"""

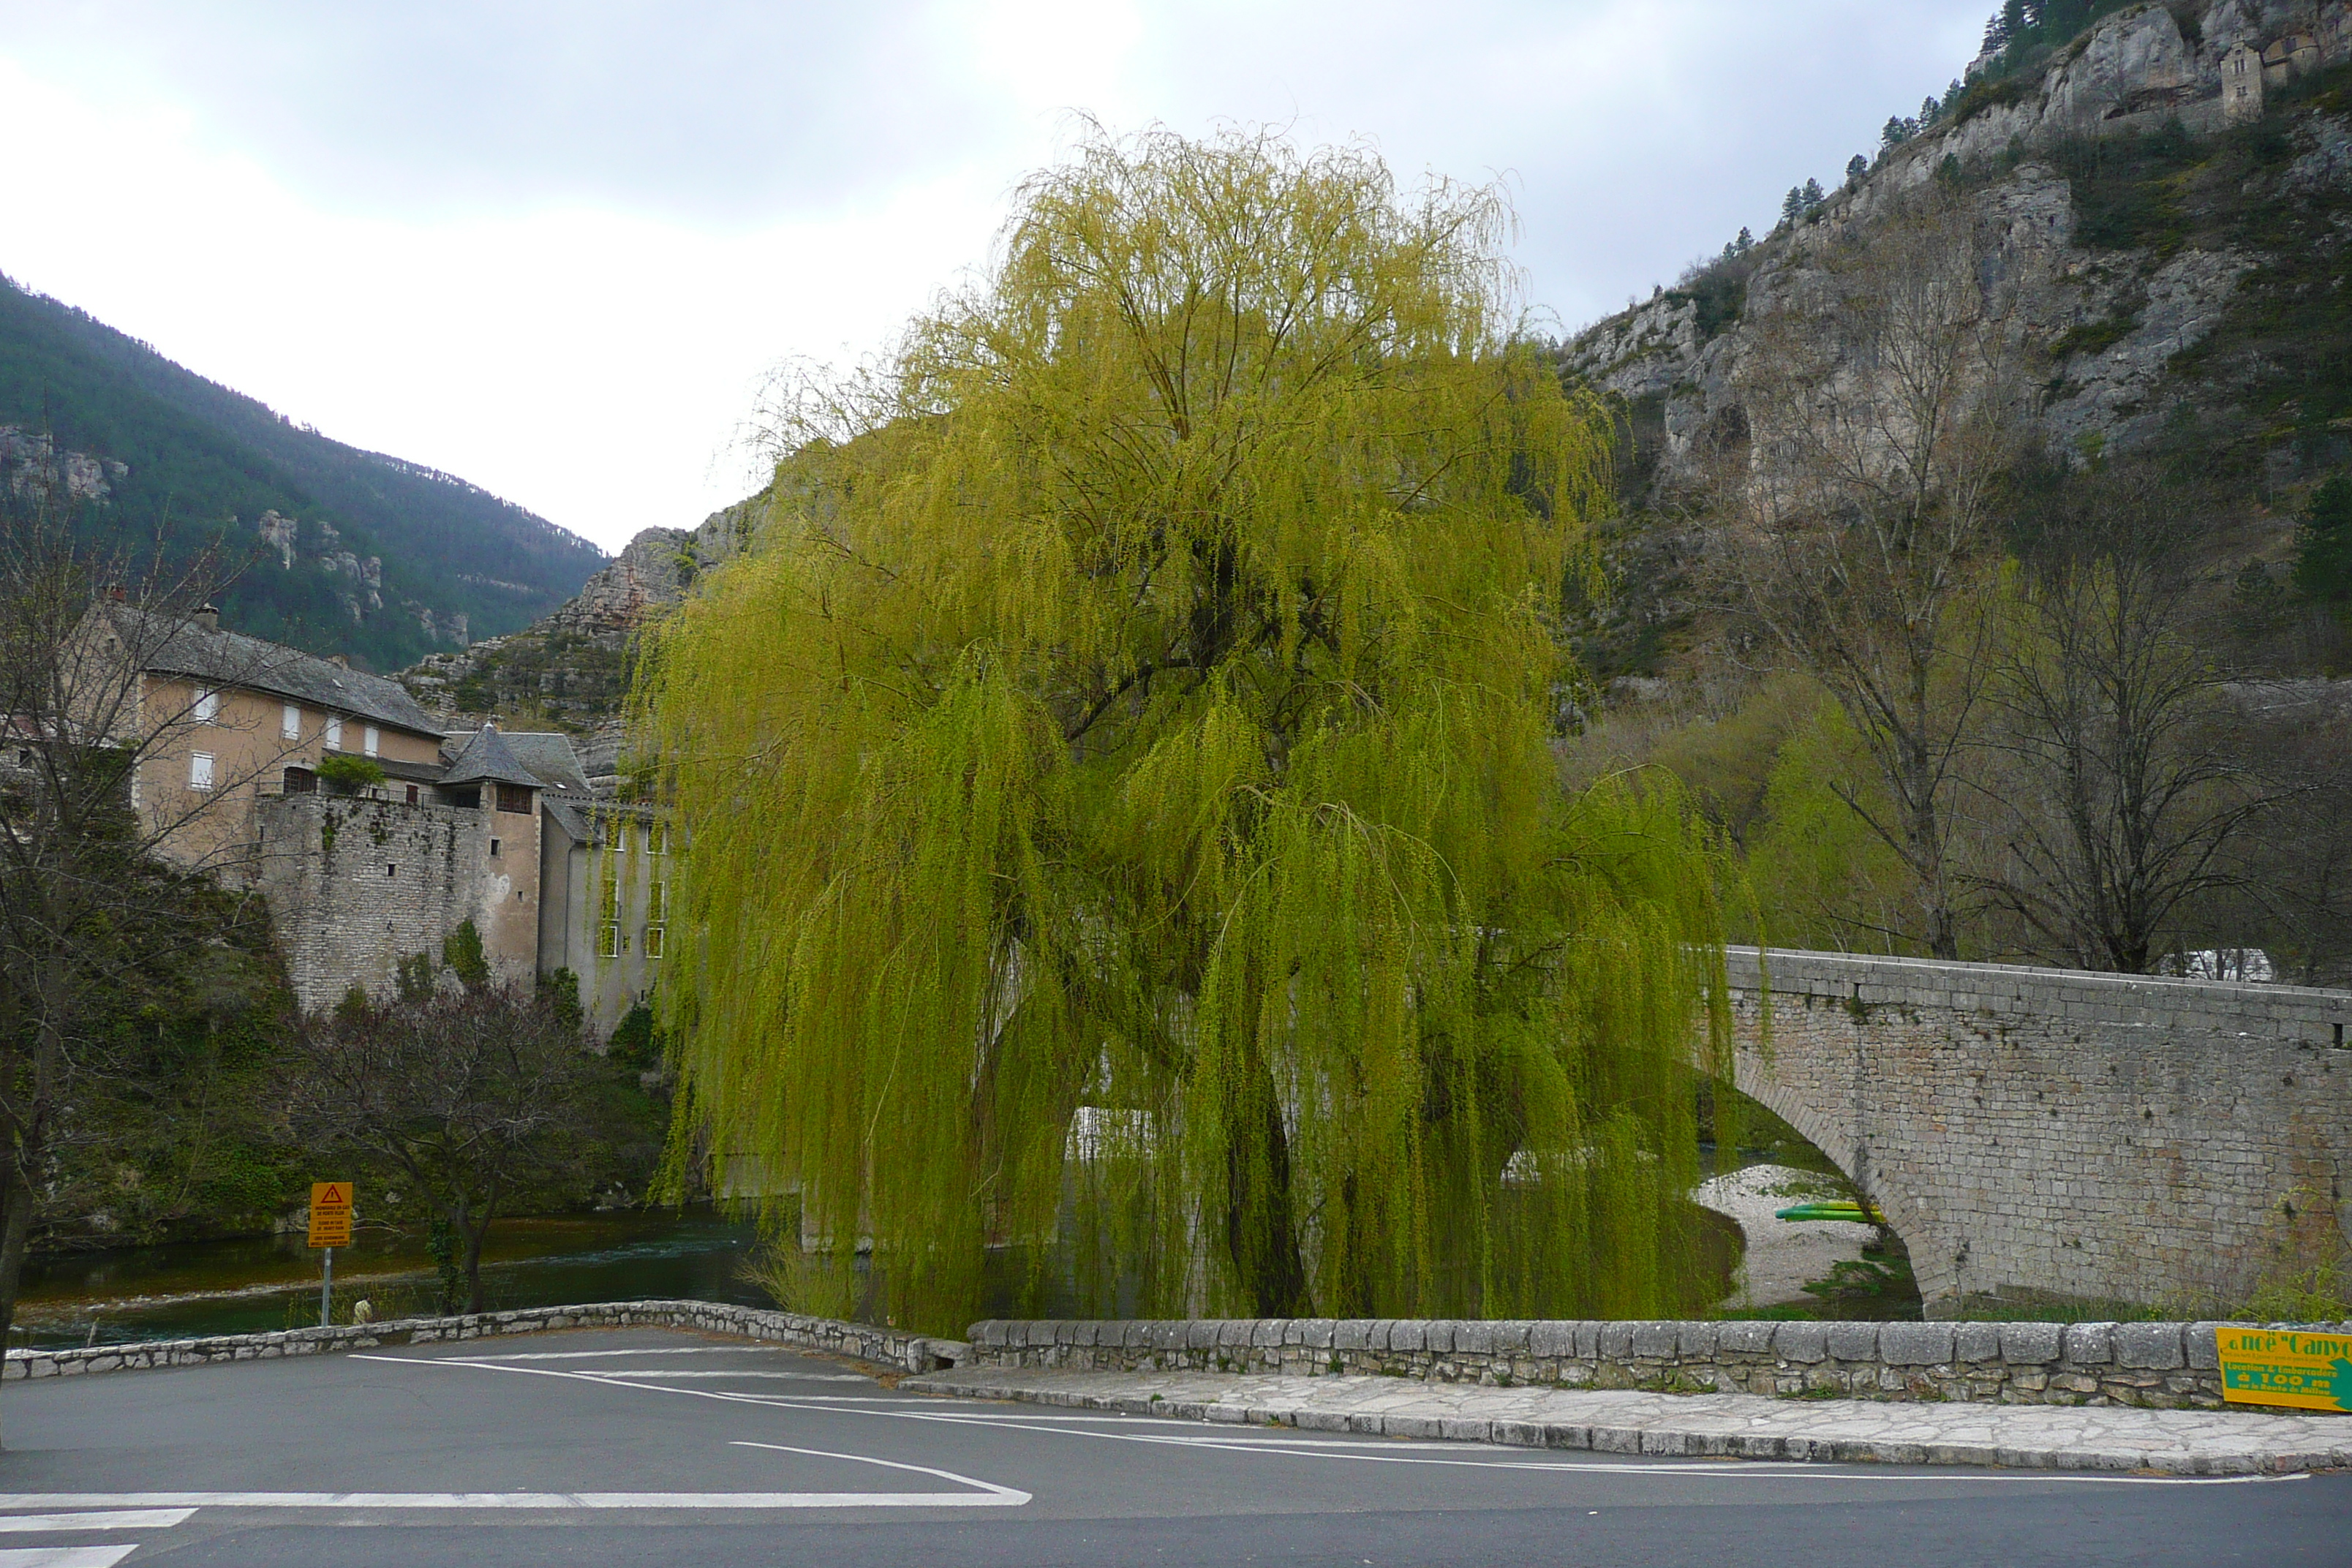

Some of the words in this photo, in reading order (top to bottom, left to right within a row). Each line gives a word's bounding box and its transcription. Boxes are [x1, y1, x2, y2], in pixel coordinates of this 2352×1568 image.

[2227, 1362, 2265, 1372] Location
[2267, 1365, 2275, 1373] &
[2237, 1371, 2250, 1382] à
[2261, 1373, 2304, 1386] 100
[2311, 1379, 2331, 1388] m
[2260, 1383, 2288, 1392] Route

"""

* **Problem details**
Hand back the data above exactly, with no images.

* **Answer to the exercise**
Some of the words in this photo, in reading order (top to bottom, left to right within a row). Each line gives a word's bounding box and its transcription. Boxes are [x1, y1, x2, y2], in pixel coordinates of this 2352×1568 image.

[2227, 1362, 2265, 1372] Location
[2267, 1365, 2275, 1373] &
[2237, 1371, 2250, 1382] à
[2261, 1373, 2304, 1386] 100
[2311, 1379, 2331, 1388] m
[2260, 1383, 2288, 1392] Route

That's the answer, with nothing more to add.